I think one key reason HUDs haven’t taken off more broadly is the fundamental limitation of our current display medium - computer screens and mobile devices are terrible at providing ambient, peripheral information without being intrusive. When I launch an AI agent to fix a bug or handle a complex task, there’s this awkward wait time where it takes too long for me to sit there staring at the screen waiting for output, but it’s too short for me to disengage and do something else meaningful. A HUD approach would give me a much shorter feedback loop. I could see what the AI is doing in my peripheral vision and decide moment-to-moment whether to jump in and take over the coding myself, or let the agent continue while I work on something else. Instead of being locked into either “full attention on the agent” or “completely disengaged,” I’d have that ambient awareness that lets me dynamically choose my level of involvement. This makes me think VR/AR could be the killer application for AI HUDs. Spatial computing gives us the display paradigm where AI assistance can be truly ambient rather than demanding your full visual attention on a 2D screen. I picture that this would be especially helpful for help on more physical tasks, such as cooking, or fixing a bike.

elliotec

You just described what I do with my ultrawide monitor and laptop screen.

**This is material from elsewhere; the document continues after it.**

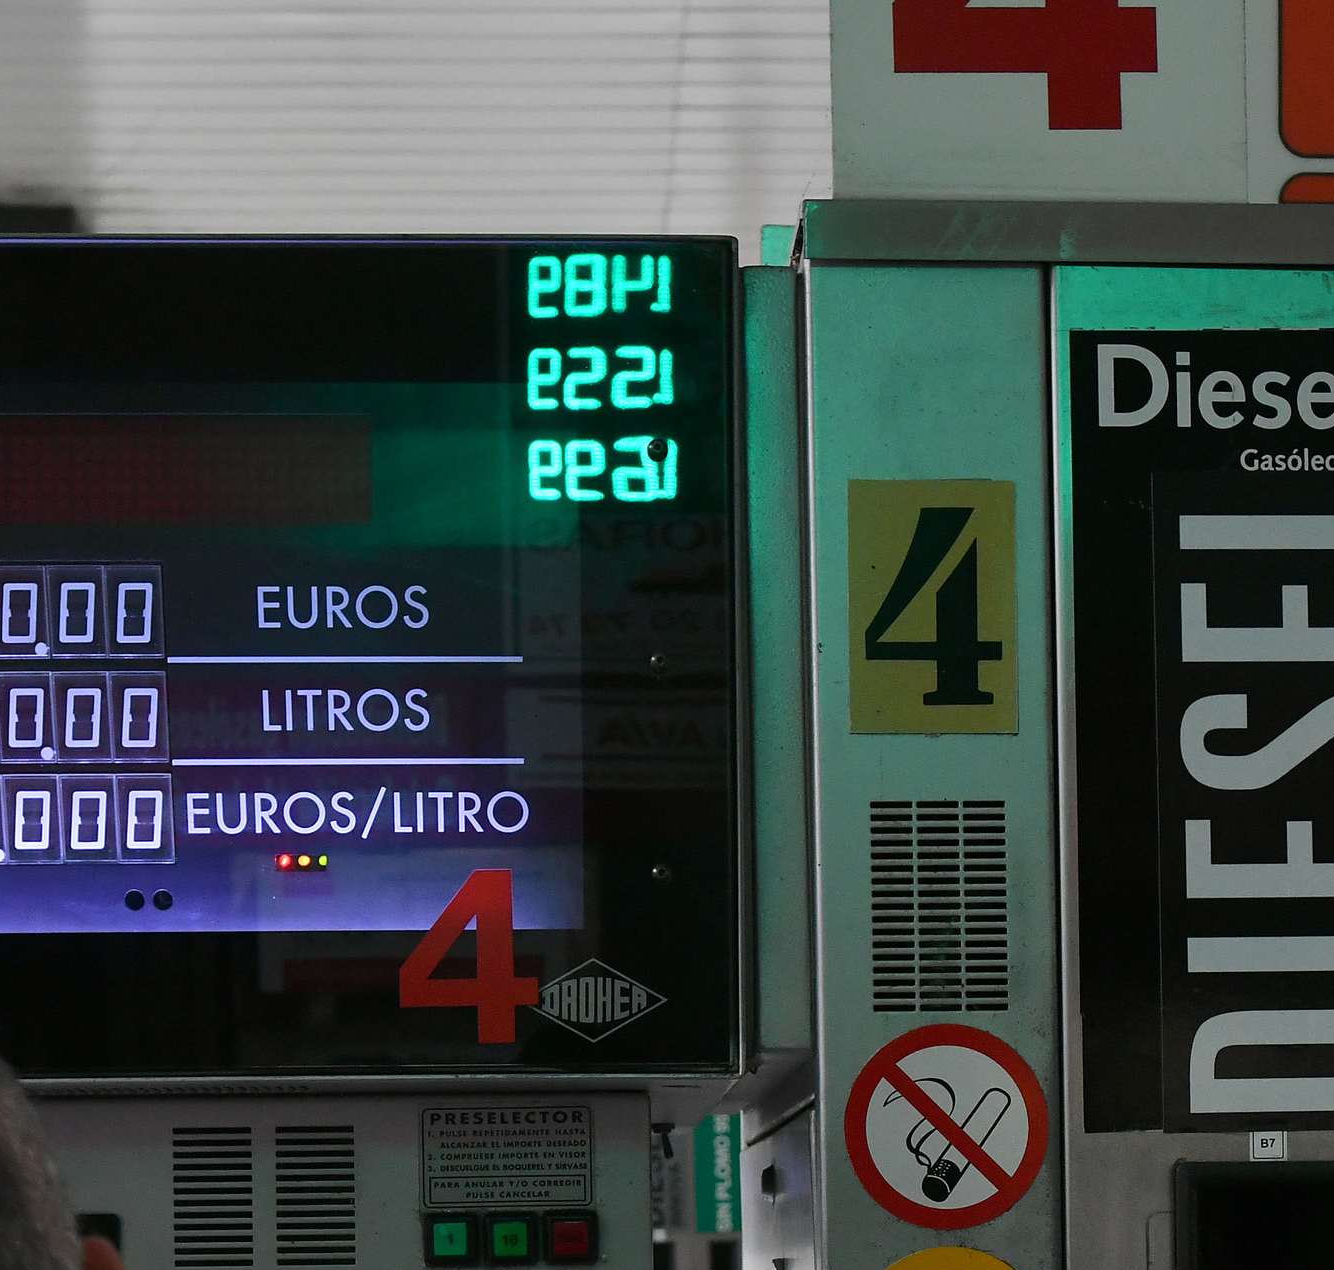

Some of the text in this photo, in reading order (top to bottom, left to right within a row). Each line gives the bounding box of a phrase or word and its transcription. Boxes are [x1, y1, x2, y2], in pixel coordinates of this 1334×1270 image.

I can be fully immersed in a game or anything and keep Claude in a corner of a tmux window next to a browser on the other monitor and jump in whenever I see it get to the next step or whatever.

ravila4

It’s a similar idea, but imagine you could fire off a task, and go for a run, or do the dishes. Then be notified when it completes, and have the option to review the changes, or see a summary of tests that are failing, without having to be at your workstation.

bigyabai

I kinda do this today, with Alpaca[0]'s sandboxed terminal runner and GSConnect[1] syncing the response notifications to my phone over LAN.

[0] https://jeffser.com/alpaca/

[1] https://github.com/GSConnect/gnome-shell-extension-gsconnect

ankit219

The current paradigm is driven by two factors: one is the reliability of the models and that constraints how much autonomy you can give to an agent. Second is about chat as a medium which everyone went to because ChatGPT became a thing.

I see the value in HUDs, but only when you can be sure output is correct. If that number is only 80% or so, copilots work better so that humans in the loop can review and course correct - the pair programmer/worker. This is not to say we need ai to get to higher levels of correctness inherently, just that systems deployed need to do so before they display some information on HUD.

psychoslave

This is missing the addictive/engaging part of a conversational interface for most people out there. Which is in line with the critics highlighted in the fine article.

Just because most people are fond of it doesn't actually mean it improves their life, goals and productivity.

benjaminwootton

I think there is a third and distinct model which is AI that runs in the background autonomously amd over a long period and pushes things to you.

It can detect situations intelligently, do the filtering, summarisation of what’s happening and possibly a recommendation.

This feels a lot more natural to me, especially in a business context when you want to monitor for 100 situations about thousands of customers.

skydhash

Actually defining those situations and collecting the data (which should help identify those situations) are the hard parts. Having an autonomous system that do it has been solved for ages.